▸ EXERCISE BRIEF
From the first line to the last, restate the material word for word, omitting pictures.
==========
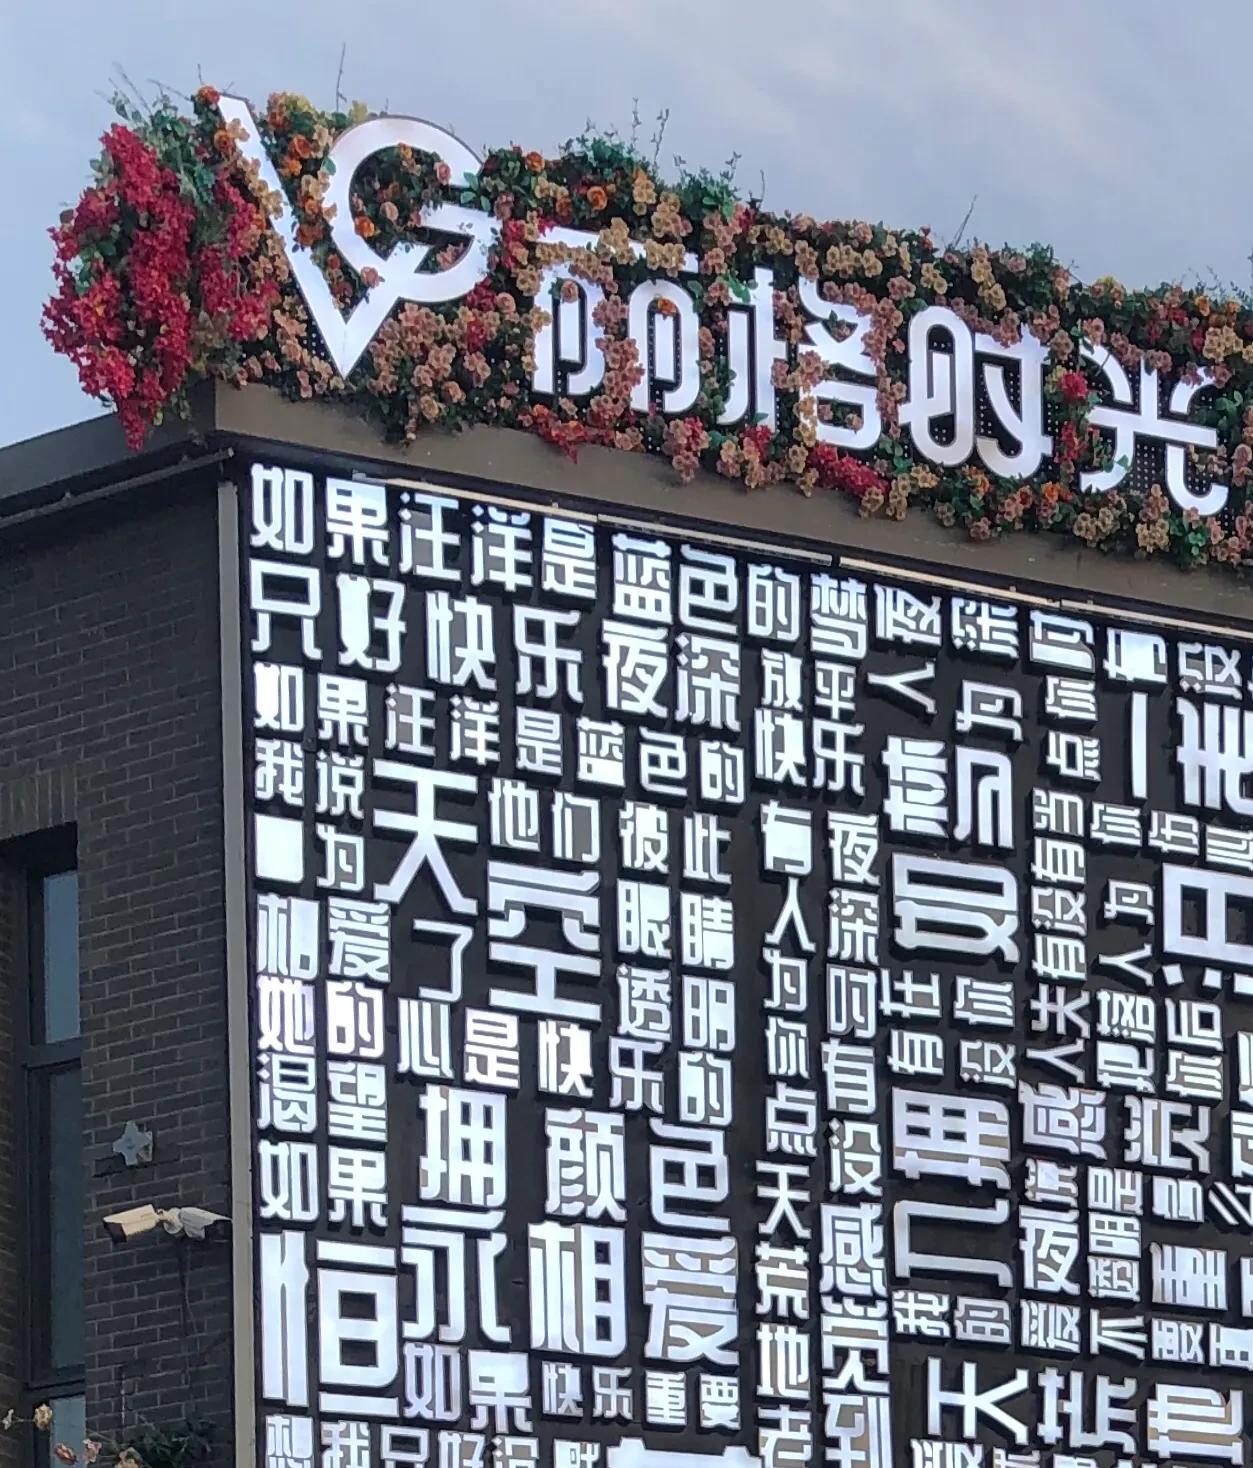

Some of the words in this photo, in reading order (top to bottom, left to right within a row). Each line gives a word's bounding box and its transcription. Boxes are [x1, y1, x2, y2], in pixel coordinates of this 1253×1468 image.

[254, 660, 744, 808] 如果汪洋是蓝色的
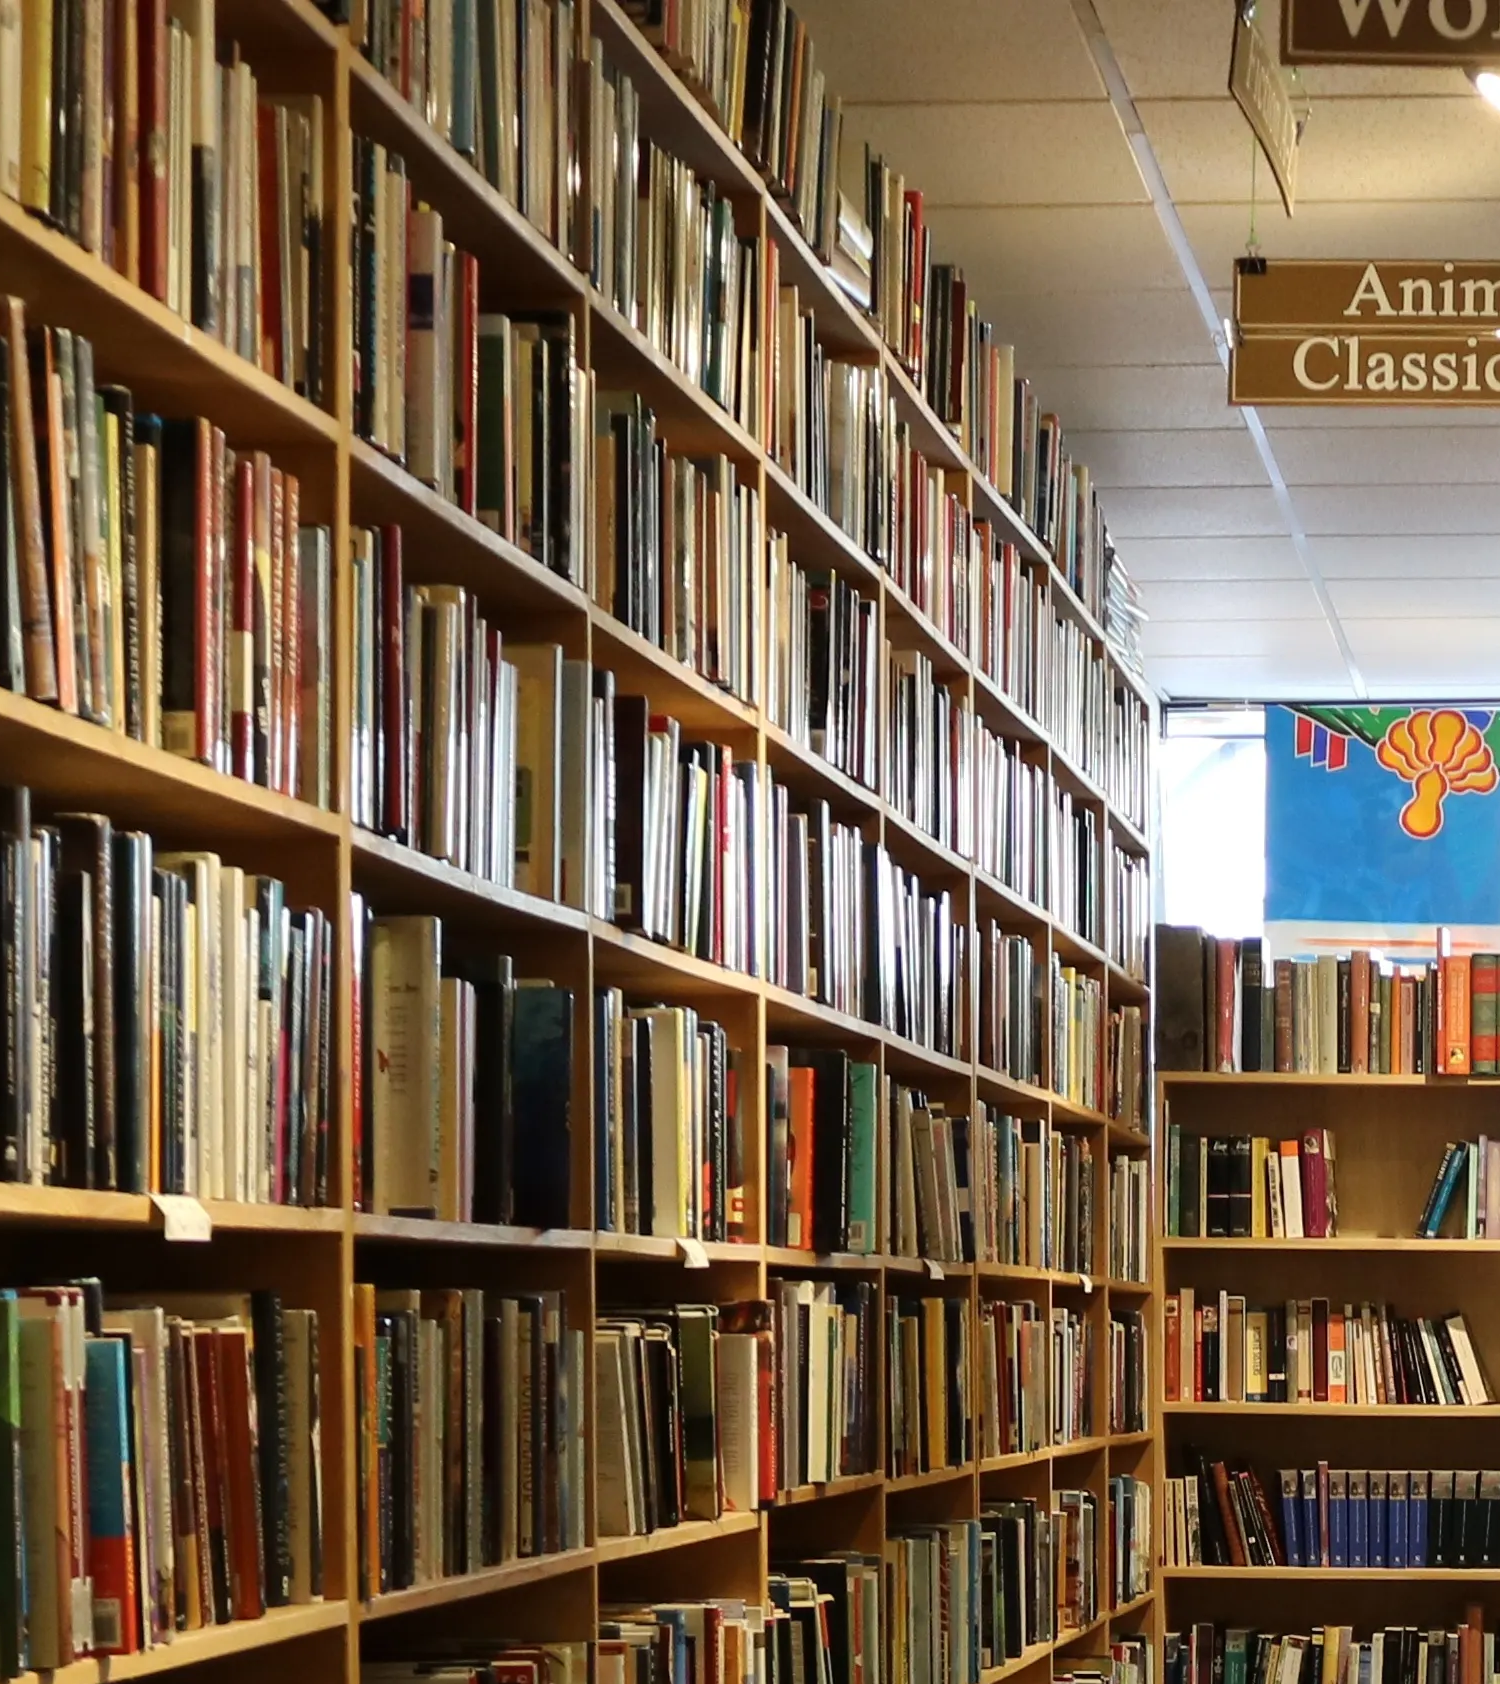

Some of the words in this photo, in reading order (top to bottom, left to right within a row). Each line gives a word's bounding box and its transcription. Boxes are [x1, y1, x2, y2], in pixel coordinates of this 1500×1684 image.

[126, 534, 138, 608] ROBERT
[273, 551, 283, 668] MERMAID
[128, 617, 140, 690] HARRIS
[287, 564, 298, 676] MERMAID
[273, 1296, 284, 1362] DARK
[276, 1373, 287, 1480] HARBOR
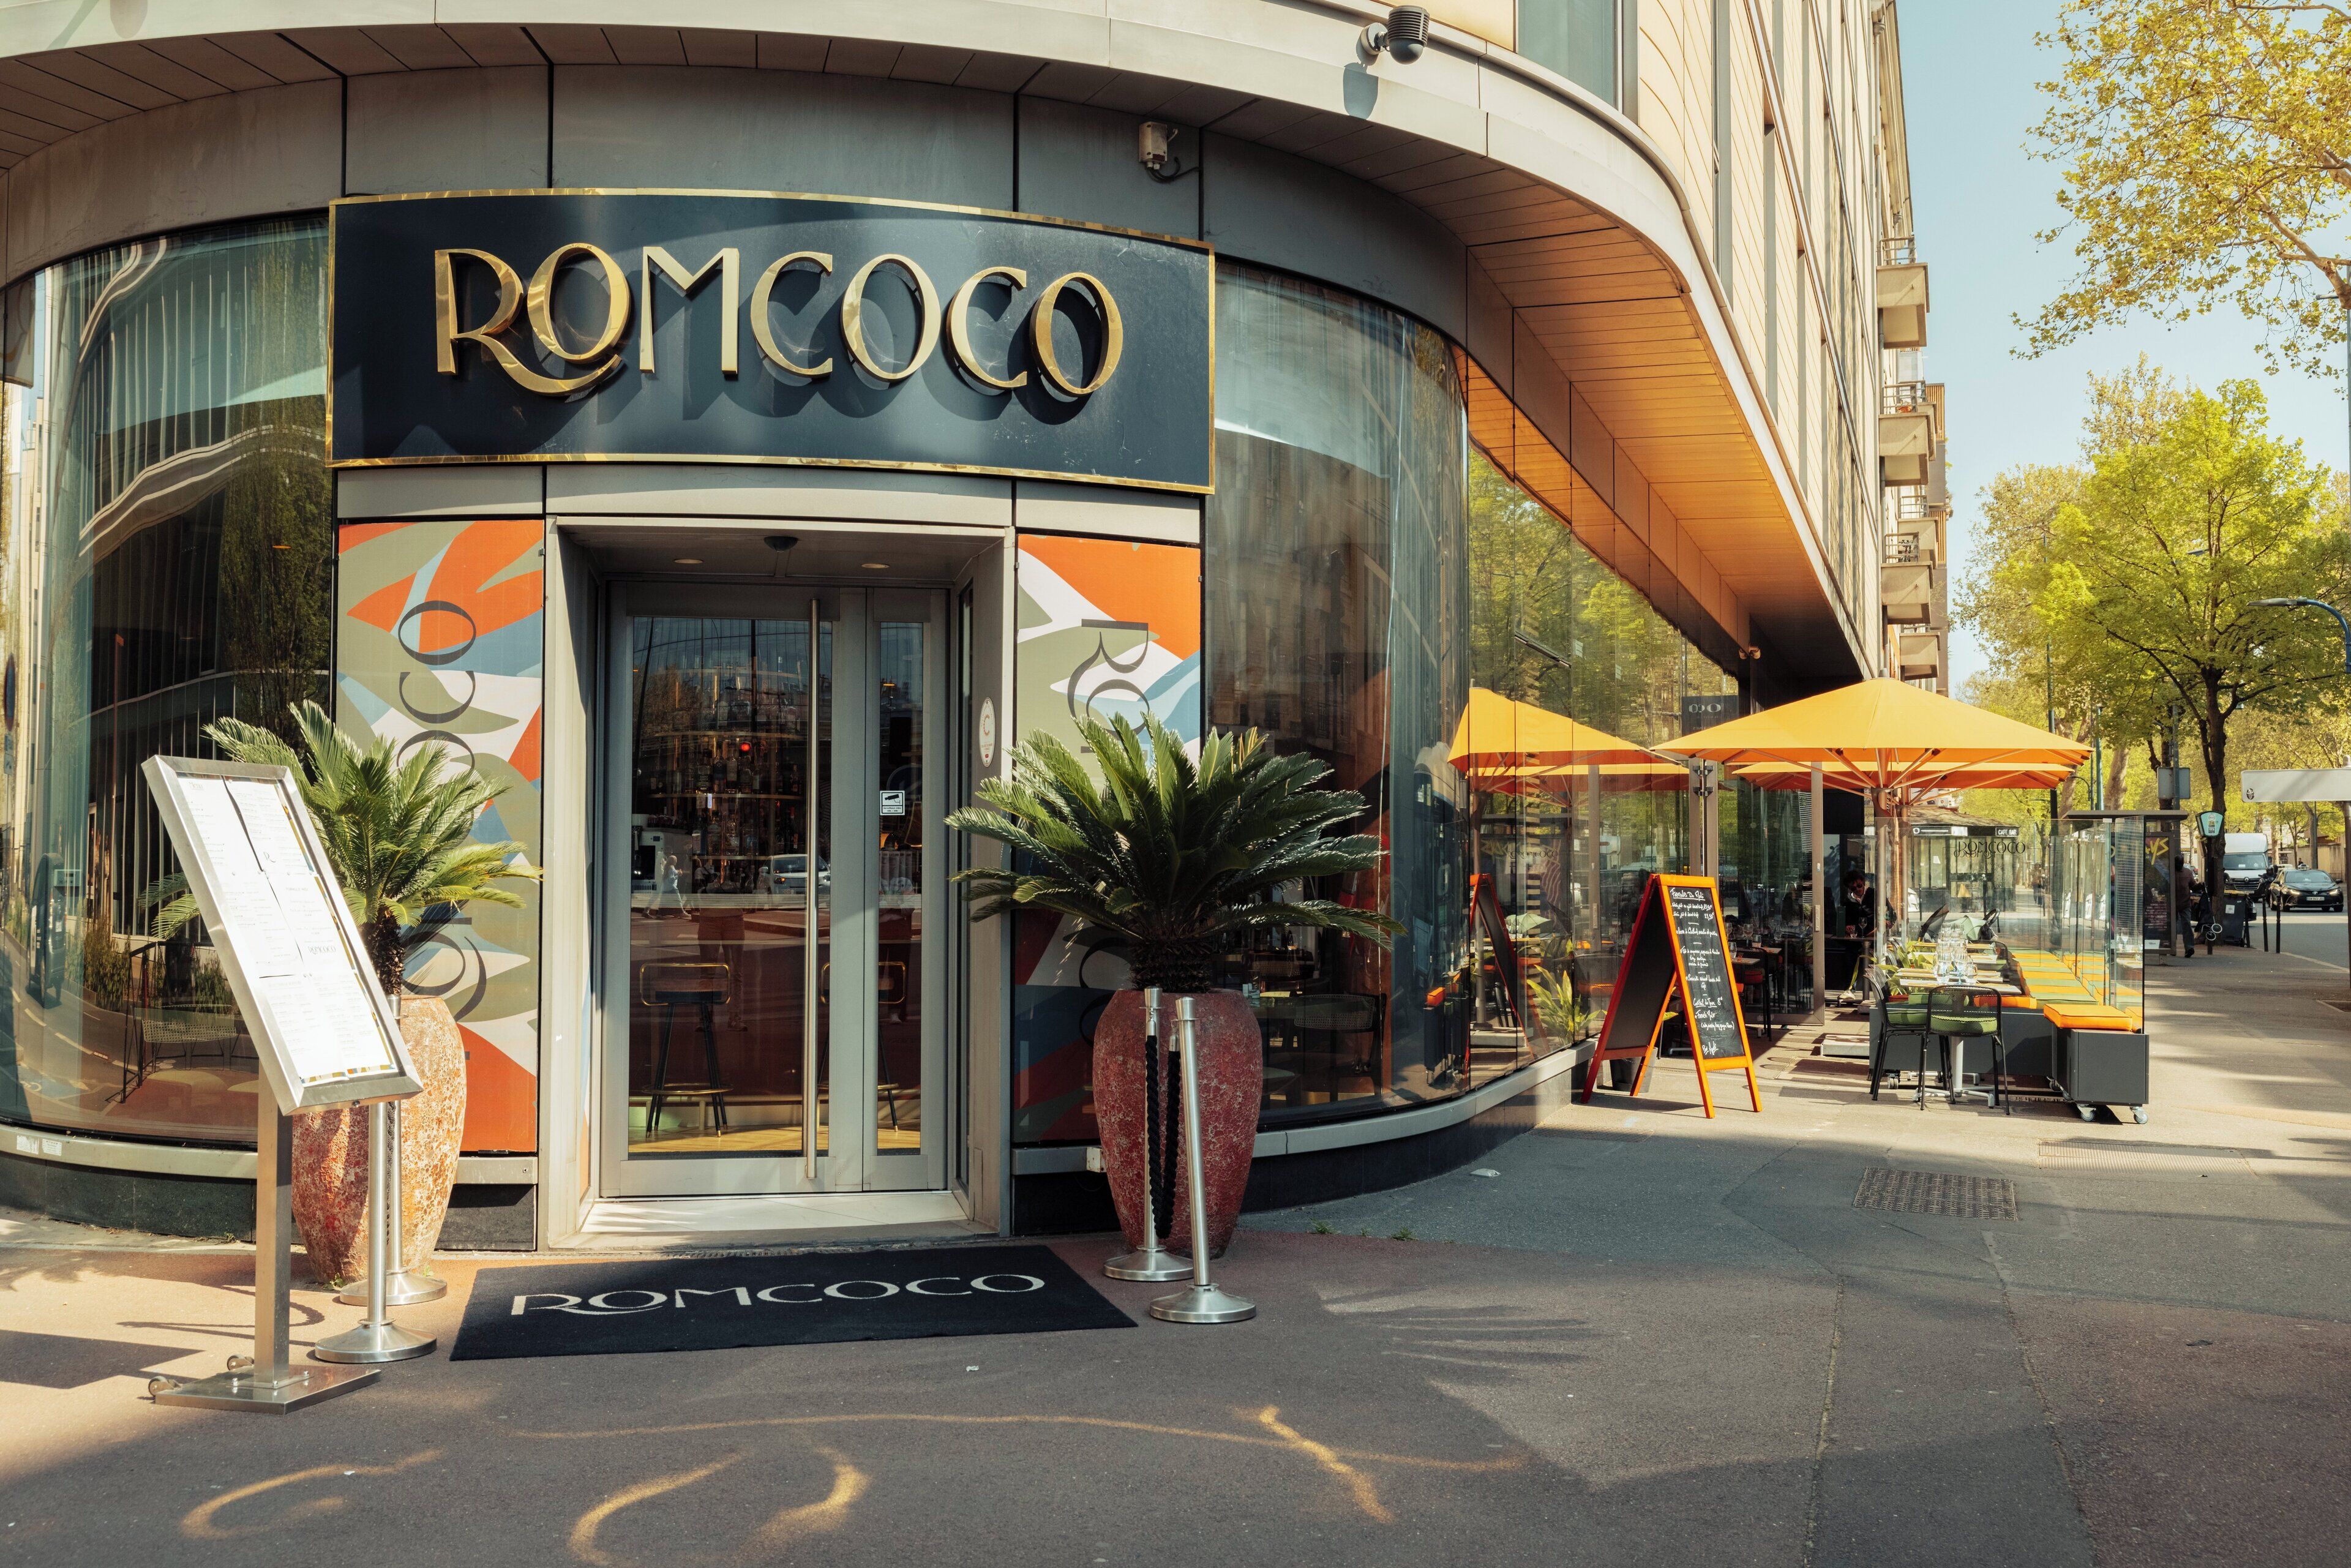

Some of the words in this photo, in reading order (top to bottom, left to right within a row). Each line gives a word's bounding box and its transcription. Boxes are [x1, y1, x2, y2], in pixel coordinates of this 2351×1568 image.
==========
▸ ANSWER TO THIS EXERCISE
Some of the words in this photo, in reading order (top to bottom, left to right within a row). Each line gives a word's bounding box and its transcription. Boxes are [x1, y1, x2, y2], in pixel coordinates of this 1253×1468 image.

[254, 660, 744, 808] 如果汪洋是蓝色的

Some of the words in this photo, in reading order (top to bottom, left to right within a row). Each line gives a word's bounding box and its transcription. Boxes are [x1, y1, x2, y2], in pixel coordinates of this 1500×1684 image.

[126, 534, 138, 608] ROBERT
[273, 551, 283, 668] MERMAID
[128, 617, 140, 690] HARRIS
[287, 564, 298, 676] MERMAID
[273, 1296, 284, 1362] DARK
[276, 1373, 287, 1480] HARBOR

Some of the words in this photo, in reading order (top to bottom, left to right within a row). Each line gives a word's bounding box and its transcription. Boxes are [x1, y1, x2, y2], in pixel coordinates of this 2351×1568 image.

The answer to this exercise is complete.